Викторина Диковна бледная, словно после мясорубки ощутила в сердце крах, потому что дочь была единственным смыслом не то, что её жизни, а её существования, так сильно она любила Веру. Она подумала: «Ну кто же я после этого? Я не смогла спасти её. Не смогла!». Женщина вышла на улицу, не выдержав упала на колени перед воротами больницы, схватилась за голову и прокричала: «Да будьте вы прокляяяяты! Я разорву вас всех на мясо, всех! Я стану чем угодно и это сделаюююю!». Какой-то прохожий посмотрел на неё и сказал холодно, одержимый собственным эгоизмом и жаждой успеха в страхе это в жизни потерять:

– Помойка ты, помойка, падшая женщина. С кем же ты повелась, что обосновалась перед входной дверью? Любимый бросил небось? Разоралась она. В психушку не хочешь? Ты только скажи, я вызову.

Женщина, отпустив свою душу на волю вольную, встала, собралась со всем, что с ней осталось и отправилась в полубессознательном состоянии домой, мужчине ничего на это вообще не ответив. Викторина Диковна в этот же день умерла вместе с любимой дочерью, потому что дороже дочери ничего для неё не было, по крайней мере в этот роковой момент её жизни.

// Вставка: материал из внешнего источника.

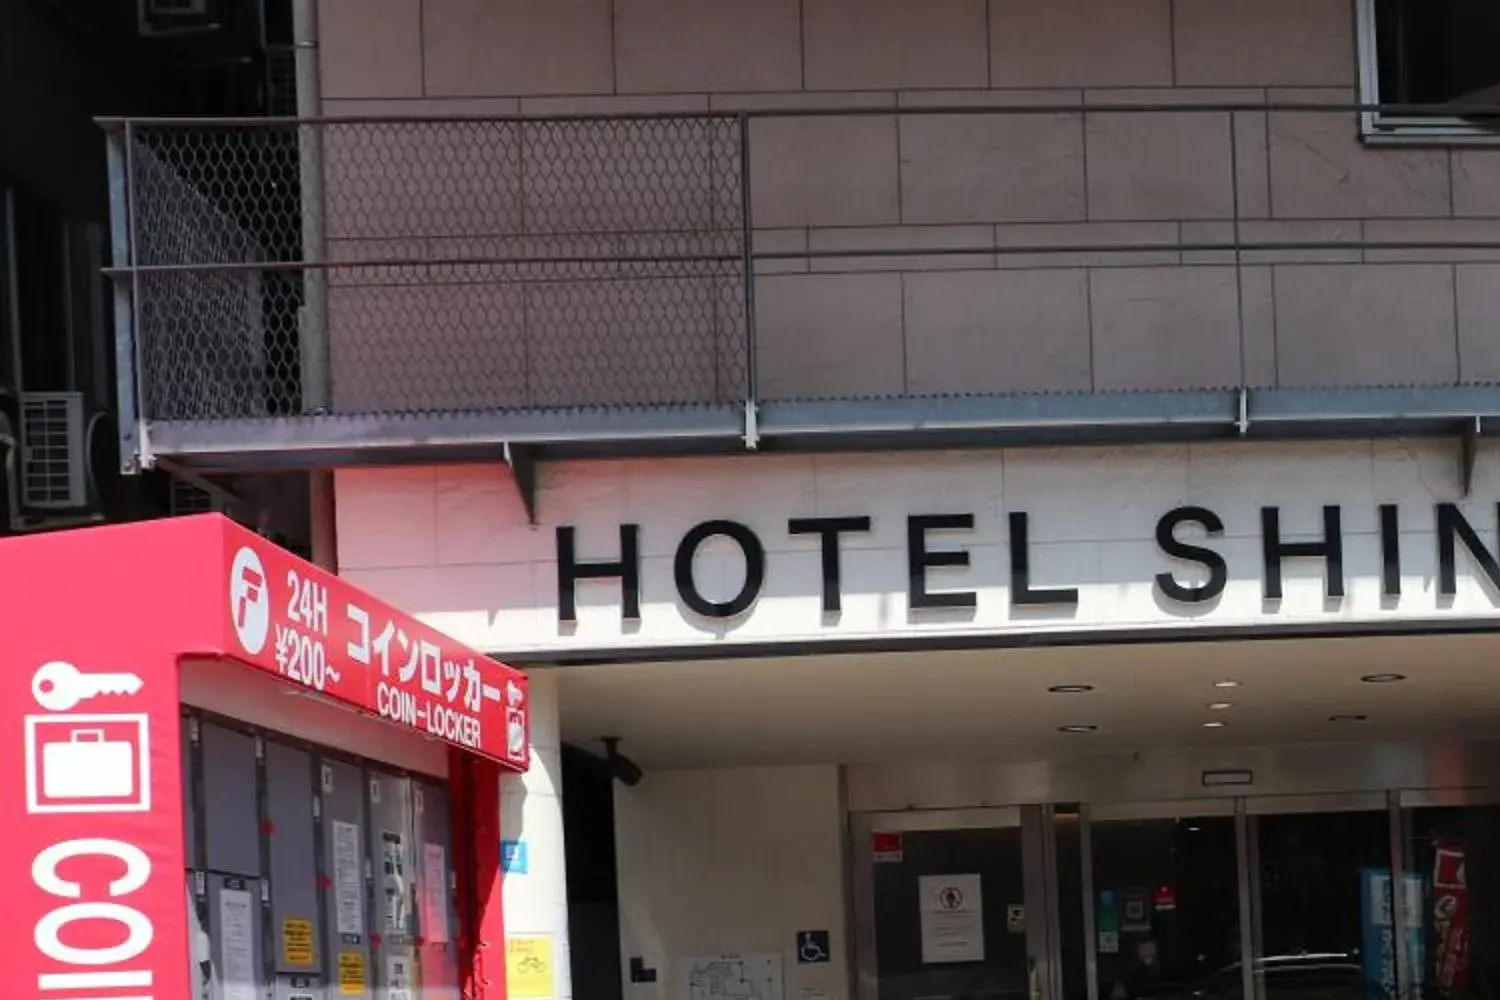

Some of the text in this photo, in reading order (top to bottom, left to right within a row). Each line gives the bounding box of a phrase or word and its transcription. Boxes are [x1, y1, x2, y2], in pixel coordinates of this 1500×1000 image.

[287, 569, 328, 636] 24H
[555, 511, 1078, 621] HOTEL
[347, 603, 500, 712] コインロッカー
[377, 681, 481, 749] COIN-LOCKER
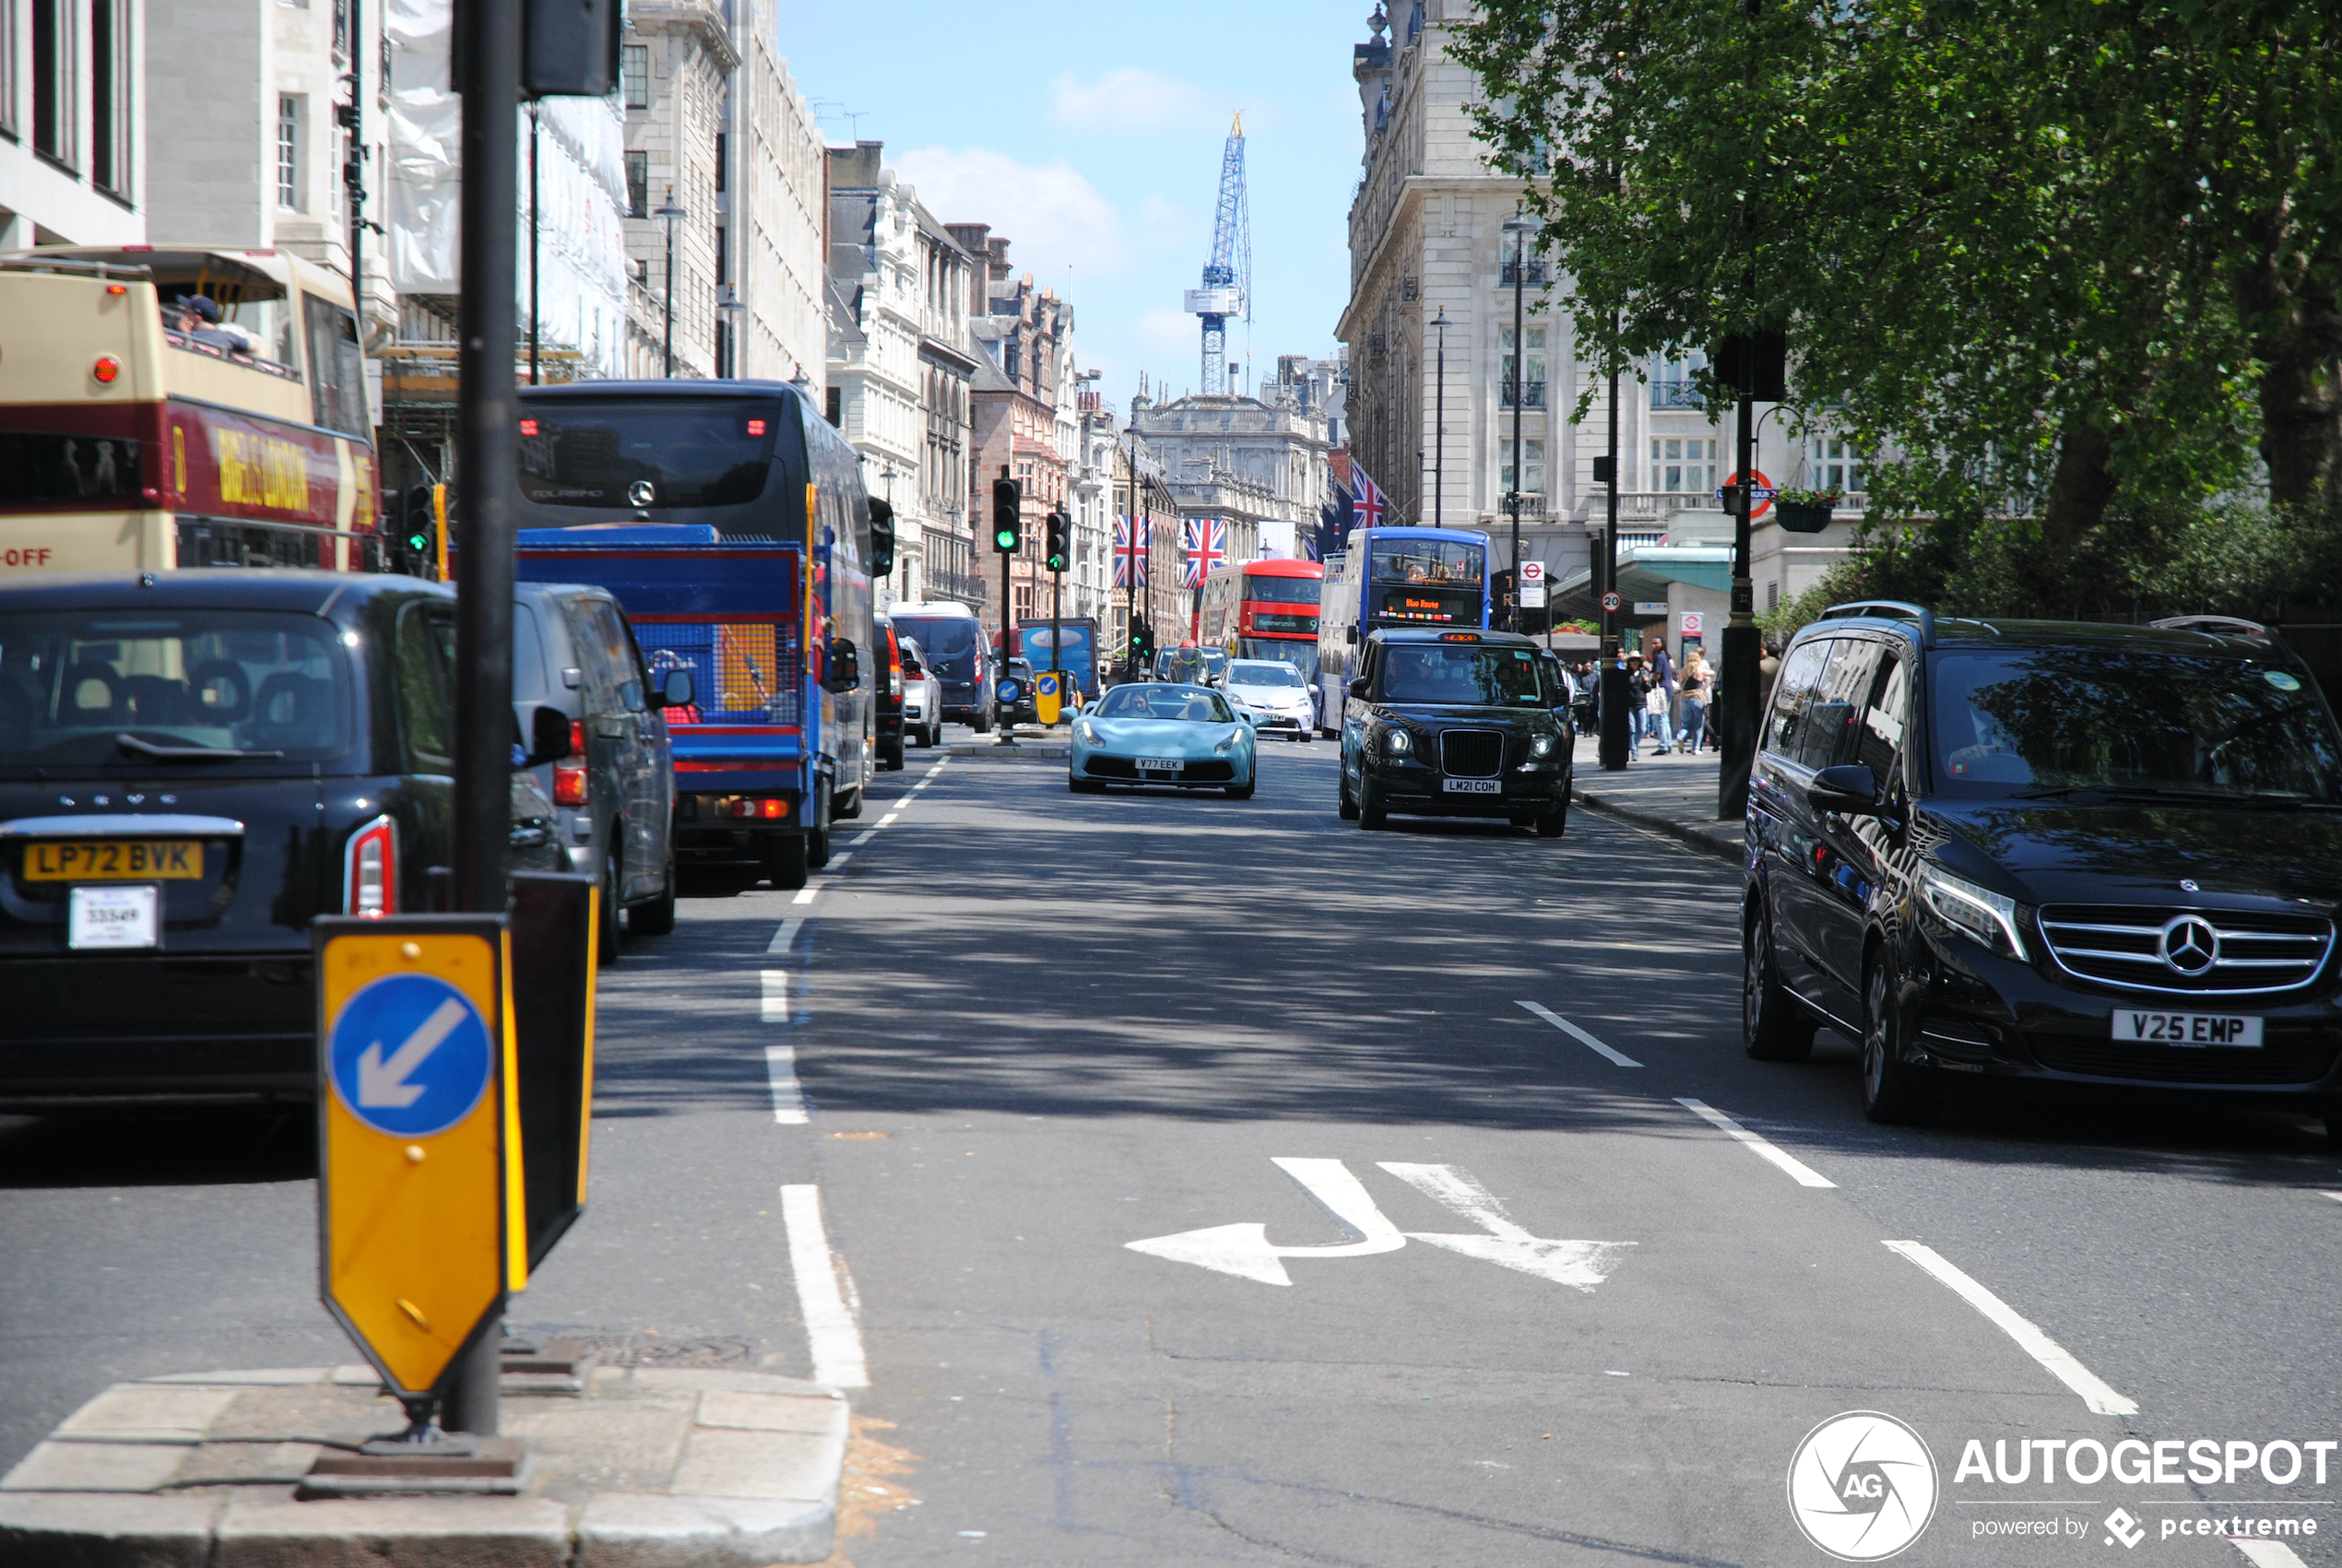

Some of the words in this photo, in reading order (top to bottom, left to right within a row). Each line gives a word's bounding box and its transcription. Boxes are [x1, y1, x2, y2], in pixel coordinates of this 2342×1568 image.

[1604, 597, 1619, 606] 20
[1258, 619, 1296, 628] Hammersmith
[1309, 619, 1318, 631] 9
[1141, 759, 1158, 768] V77
[1160, 760, 1178, 769] EEK
[1449, 780, 1473, 791] LM21
[1474, 781, 1496, 792] COH
[38, 844, 122, 873] LP72
[129, 843, 190, 871] BVK
[2133, 1013, 2185, 1041] V25
[2192, 1017, 2244, 1043] EMP

Добрыня хоть и беспокоился за Виолетту ввиду того, что он увидел воочию противоестественные смерти людей и логически утвердил для себя существование инопланетной системы, контролирующей человечество Земли, он решил разобраться в механизме её функционирования, как минимум эмоционально психически. Он брёл по улице, размышляя об этом и никак не мог разобраться. Однако он знал одно – у него стирается искусственно память, это не естественные провалы, к тому он помнил, но не мог никак почувствовать, что помнит, словно психически воспроизведение отказывало, но помнило тело и что-то в его составе, а также окружающая среда неизбежно напоминала все, что он забыл, включая само понимание этого факта. Это Добрыня понимал точно – мир в бешенстве, природа в бешенстве, реальность в бешенстве, все отдавало невиданной злобой и хоть Добрыня не понимал устройство системы, он разделял эту злобу. Это была не та садистская злоба, это была обоснованная, природная естественная и глубинная злоба, исходящая из забытых корней естественного в которой метались ошмётки злости. Цепляющееся за своё существование обглоданных ошмётков человеческих существ, а точнее памяти об их существовании – их души и ошмётки естественного духа. Добрыня очень опечален был этой злобой, но понимал её естественность, понимал, что это именно природа помнит и злится, жаждет истребления причины появления этого в себе, а точнее нарушения целостности её памяти о живых существах. Этот нюанс он очень глубоко понимал. Так как не мог не понять, будучи нормальным человеком, что будь это естественным для природы он бы просто не испытывал этой злобы и воспринимал так же естественно, как зубную боль, хоть и с недовольством, но ведь это есть – злоба проявляется и появляется, а значит есть и причина. За этой злобой что-то стоит, какая-то правда, по-видимому связанная с этими смертями от неведомого устройства инопланетной системы, а иначе откуда все это? Агрессия – это же тоже естественная реакция на что-то, но злоба то – это что? Откуда это? Это однозначно в корне агрессия, но разница то в агониальной боли, в сверхвысокой степени опасности, в стабильности тенденции проявления. Добрыню осенило: «Они уже давно с нами это делают. Чёрт бы меня побрал!»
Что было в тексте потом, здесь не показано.